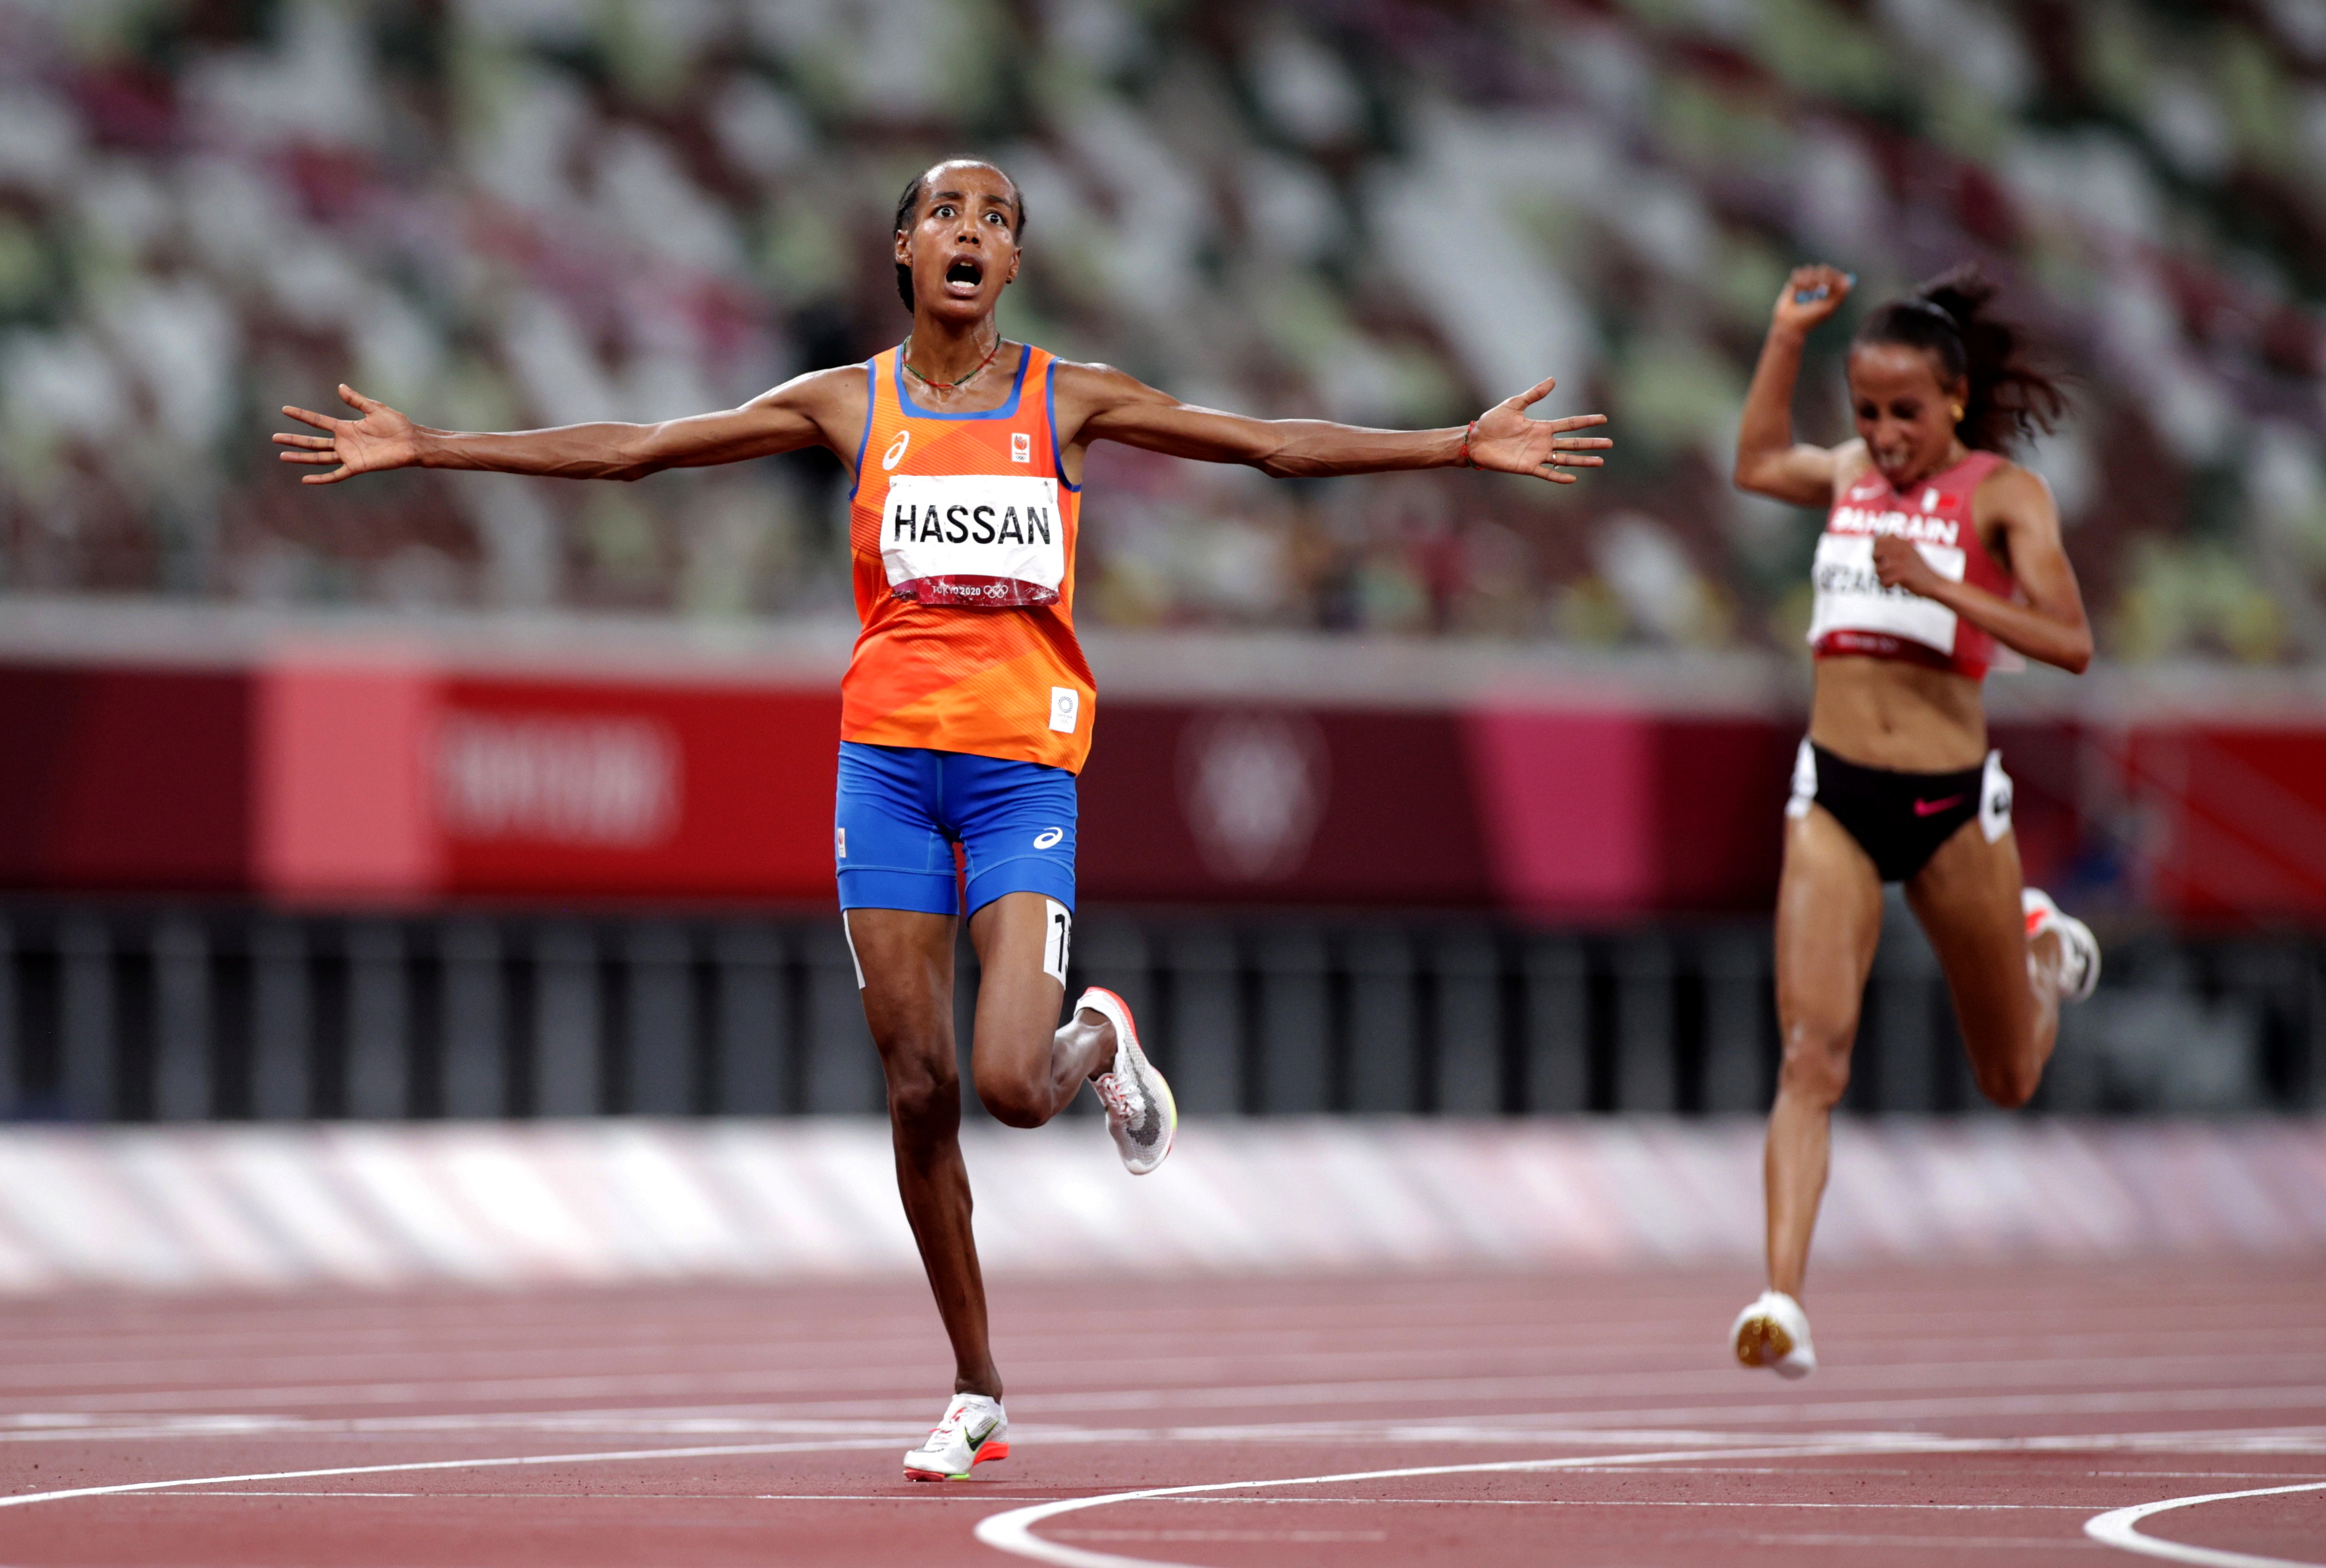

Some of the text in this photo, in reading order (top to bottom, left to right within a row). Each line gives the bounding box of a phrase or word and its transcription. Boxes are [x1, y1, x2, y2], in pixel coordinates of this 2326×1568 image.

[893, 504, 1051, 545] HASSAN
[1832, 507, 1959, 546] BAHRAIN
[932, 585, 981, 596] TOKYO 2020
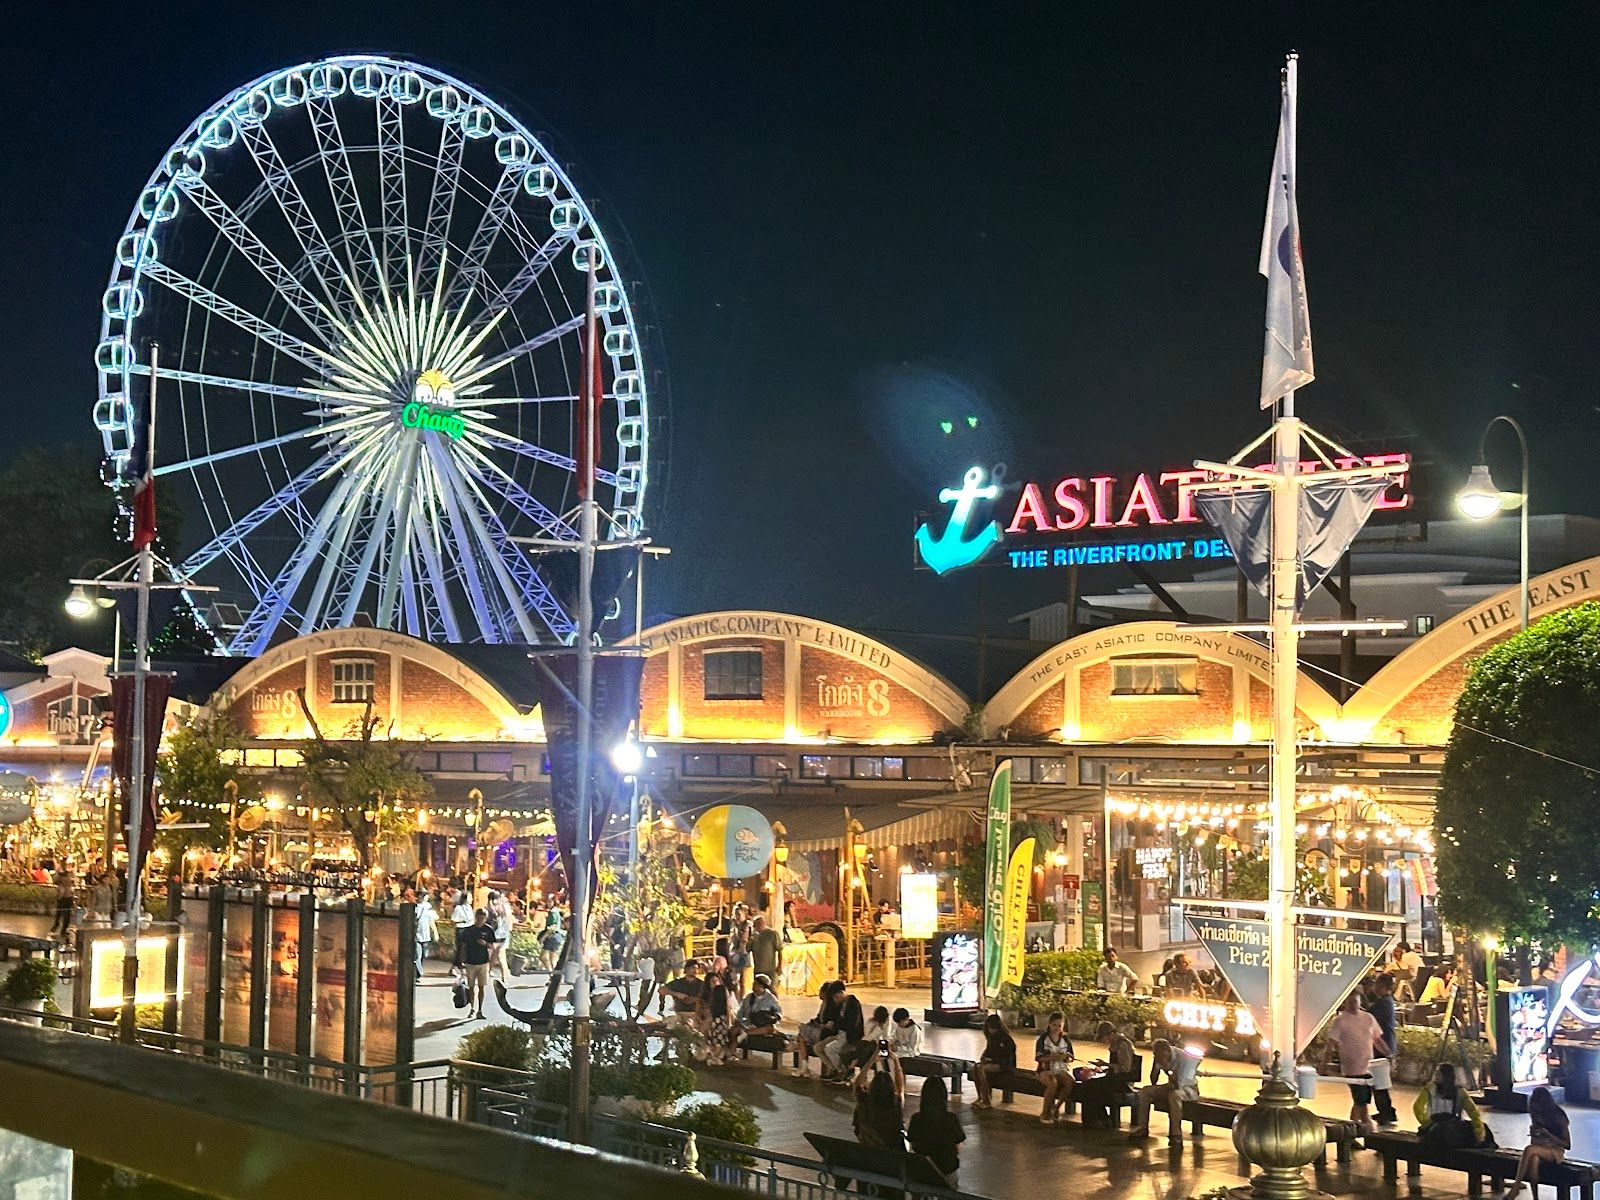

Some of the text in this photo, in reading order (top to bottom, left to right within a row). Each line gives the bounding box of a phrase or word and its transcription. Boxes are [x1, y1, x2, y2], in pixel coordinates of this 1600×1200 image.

- _Task prompt_
Return the material from above in full, exactly as written, with the pictures omitted.

- _Task result_
Some of the text in this photo, in reading order (top to bottom, left to right within a row). Each line gives the bounding box of a phrase or word and its transcription. Boxes are [x1, y1, x2, y2], in pixel coordinates of this 2326×1568 image.

[893, 504, 1051, 545] HASSAN
[1832, 507, 1959, 546] BAHRAIN
[932, 585, 981, 596] TOKYO 2020

Some of the text in this photo, in reading order (top to bottom, left to right within a row). Each line gives the bounding box of a phrase or word and its transcription. Boxes are [x1, y1, x2, y2], in pixel coordinates of this 1600×1200 image.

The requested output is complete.